RECORDS SHOWN:
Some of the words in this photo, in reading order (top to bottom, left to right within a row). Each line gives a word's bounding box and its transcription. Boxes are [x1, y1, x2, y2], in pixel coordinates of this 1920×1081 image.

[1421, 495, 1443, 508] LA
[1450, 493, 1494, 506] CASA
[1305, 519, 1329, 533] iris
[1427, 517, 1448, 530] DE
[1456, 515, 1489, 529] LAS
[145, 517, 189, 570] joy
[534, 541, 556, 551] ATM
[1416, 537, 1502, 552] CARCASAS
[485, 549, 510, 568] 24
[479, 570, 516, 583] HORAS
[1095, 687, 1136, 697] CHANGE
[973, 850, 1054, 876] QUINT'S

WHAT YOU SHOULD DO:
Please retype all of the records, keeping each line exactly as it is.

EXERCISE RESPONSE:
Some of the words in this photo, in reading order (top to bottom, left to right within a row). Each line gives a word's bounding box and its transcription. Boxes are [x1, y1, x2, y2], in pixel coordinates of this 1920×1081 image.

[1421, 495, 1443, 508] LA
[1450, 493, 1494, 506] CASA
[1305, 519, 1329, 533] iris
[1427, 517, 1448, 530] DE
[1456, 515, 1489, 529] LAS
[145, 517, 189, 570] joy
[534, 541, 556, 551] ATM
[1416, 537, 1502, 552] CARCASAS
[485, 549, 510, 568] 24
[479, 570, 516, 583] HORAS
[1095, 687, 1136, 697] CHANGE
[973, 850, 1054, 876] QUINT'S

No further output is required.